I bet engineers who work on these backward compatibility learn really a lot and learn them fast. Wondering if there is anything similar one can do with open-sourced projects.
I wish I could say the same for iWork. I can’t believe Apple is so naive in not supporting old document formats. Such a clear use case it’s ridiculous.
And it’s hurt Microsoft by making it impossible to ship operating systems that are not years late, with promised features removed and they haven’t been able to move beyond the desktop - which has become increasingly less relevant over the decade.
They are now at a point where they have to base their browser on a rival’s engine, their developing a mobile device based on Android and their own cloud platform hosts fewer Windows instances than Linux instances.
Their attempt to modernise their phone platform involved several rounds of effectively throwing away the existing library of developed software.

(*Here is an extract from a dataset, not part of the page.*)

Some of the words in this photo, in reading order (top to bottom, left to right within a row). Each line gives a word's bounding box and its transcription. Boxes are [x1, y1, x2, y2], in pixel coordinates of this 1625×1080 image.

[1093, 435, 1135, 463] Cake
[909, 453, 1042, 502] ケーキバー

If anything, that shows the value of backwards compatibility.
Google supposedly didn't support windows phone, in part, because they were upset that they couldn't use the wince apps as a base.

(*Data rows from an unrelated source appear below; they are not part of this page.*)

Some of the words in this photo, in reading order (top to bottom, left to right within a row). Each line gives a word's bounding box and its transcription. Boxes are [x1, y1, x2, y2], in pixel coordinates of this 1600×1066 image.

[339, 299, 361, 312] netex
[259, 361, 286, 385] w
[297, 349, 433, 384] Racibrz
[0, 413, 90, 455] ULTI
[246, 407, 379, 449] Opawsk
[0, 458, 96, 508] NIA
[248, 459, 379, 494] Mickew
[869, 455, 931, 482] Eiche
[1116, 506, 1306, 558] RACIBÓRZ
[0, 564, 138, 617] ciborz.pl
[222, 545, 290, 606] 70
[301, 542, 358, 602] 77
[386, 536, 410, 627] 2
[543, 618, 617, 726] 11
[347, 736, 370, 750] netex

IE's backwards compat method was to simply embed the old version of the engine, and use it as necessary. That's not really a factor in the many reasons people mostly use IE to download a better browser for personal browsing, but is a major factor in why it was the corporate browser of choice for decades: it is expected to be able to continue to work the same way on a long term basis.
Windows vs Linux usage rates on servers is mostly a statement of Linux is at least good enough, and a good enough solution with simpler (no) paid licensing is a clear win for ease of use. I haven't seen any Linux vs Windows server performance benchmarks in a long time; I'm assuming they're not that far apart, outside of whatever bits and pieces that either platform is truly bad at.

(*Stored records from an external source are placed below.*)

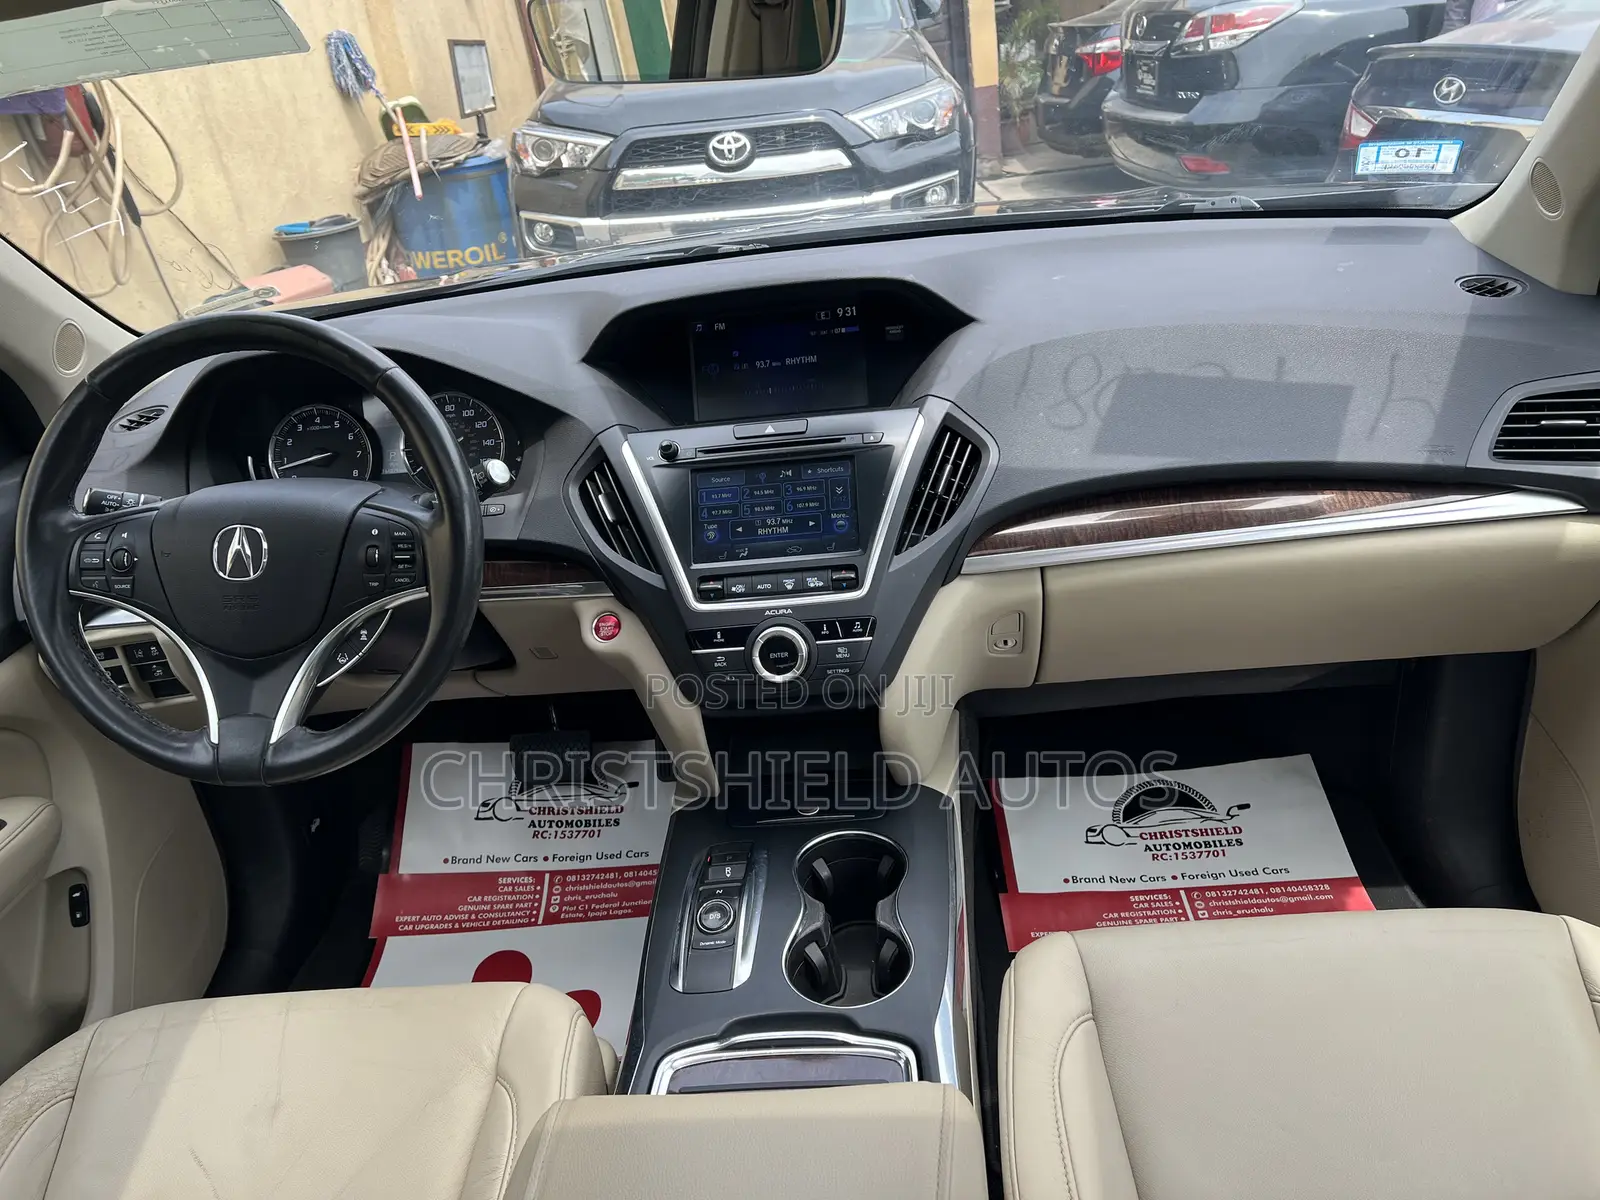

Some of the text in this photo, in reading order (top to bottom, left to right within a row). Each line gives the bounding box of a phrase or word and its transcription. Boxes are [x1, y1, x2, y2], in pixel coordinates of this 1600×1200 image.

[411, 242, 506, 269] WEROIL
[714, 323, 726, 331] FM
[755, 359, 770, 369] 93.7
[785, 355, 818, 366] RHYTHM
[286, 438, 292, 446] 2
[817, 466, 844, 474] Shortcuts
[743, 488, 750, 499] 2
[785, 484, 793, 495] 3
[743, 505, 750, 515] 5
[786, 501, 794, 512] 6
[701, 508, 708, 519] 4
[758, 526, 789, 535] RHYTHM
[764, 608, 793, 616] ACURA
[528, 804, 624, 816] CHRISTSHIELD
[528, 818, 620, 829] AUTOMOBILES
[532, 829, 601, 840] RC:1537701
[1139, 825, 1243, 841] CHRISTSHIELD
[1144, 837, 1244, 853] AUTOMOBILES
[451, 849, 650, 865] Brand New Cars Foreign Used Cars
[1152, 849, 1227, 862] RC:1537701
[624, 869, 659, 878] 0814045
[725, 866, 732, 874] R
[1071, 866, 1290, 884] Brand New Cars Foreign Used Cars
[498, 876, 536, 884] SERVICES:
[1270, 884, 1331, 894] 08140458328
[483, 894, 534, 902] REGISTRATION
[1129, 893, 1171, 902] SERVICES:
[1208, 893, 1334, 907] christshieldautos@gmail.com
[591, 901, 620, 909] Federal
[621, 899, 653, 907] Junction
[478, 910, 531, 919] CONSULTANCY
[1120, 909, 1177, 918] REGISTRATION
[1212, 906, 1274, 917] chris_eruchalu
[414, 922, 452, 931] UPGRADES
[461, 920, 490, 928] VEHICLE
[492, 918, 529, 926] DETAILING

Google supposedly didn't support windows phone, in part, because they were upset that they couldn't use the wince apps as a base.
I was a WinCE developer - both .Net and MFC. Trust me, no one wanted to use WinCE for anything. Besides, MS abandoned WinCE with VS 2010.
I can’t speak for performance, but the resource requirements for Windows is huge compared to Linux and that really makes a difference in cloud environments when it comes to price (even excluding licensing cost) and startup time - that makes a difference when you need elasticity and to scale up and down fast.
You can do a lot with a 128MB/.25 vCPU Linux instance. You can barely get away with a 4GB RAM Windows instance with 1 vCPU.
> Trust me, no one wanted to use WinCE for anything.
Well, maybe nobody wanted to, but to support a new platform with unknown uptake, would you rather use your existing code, write something new on a less capable api[1], or just walk away?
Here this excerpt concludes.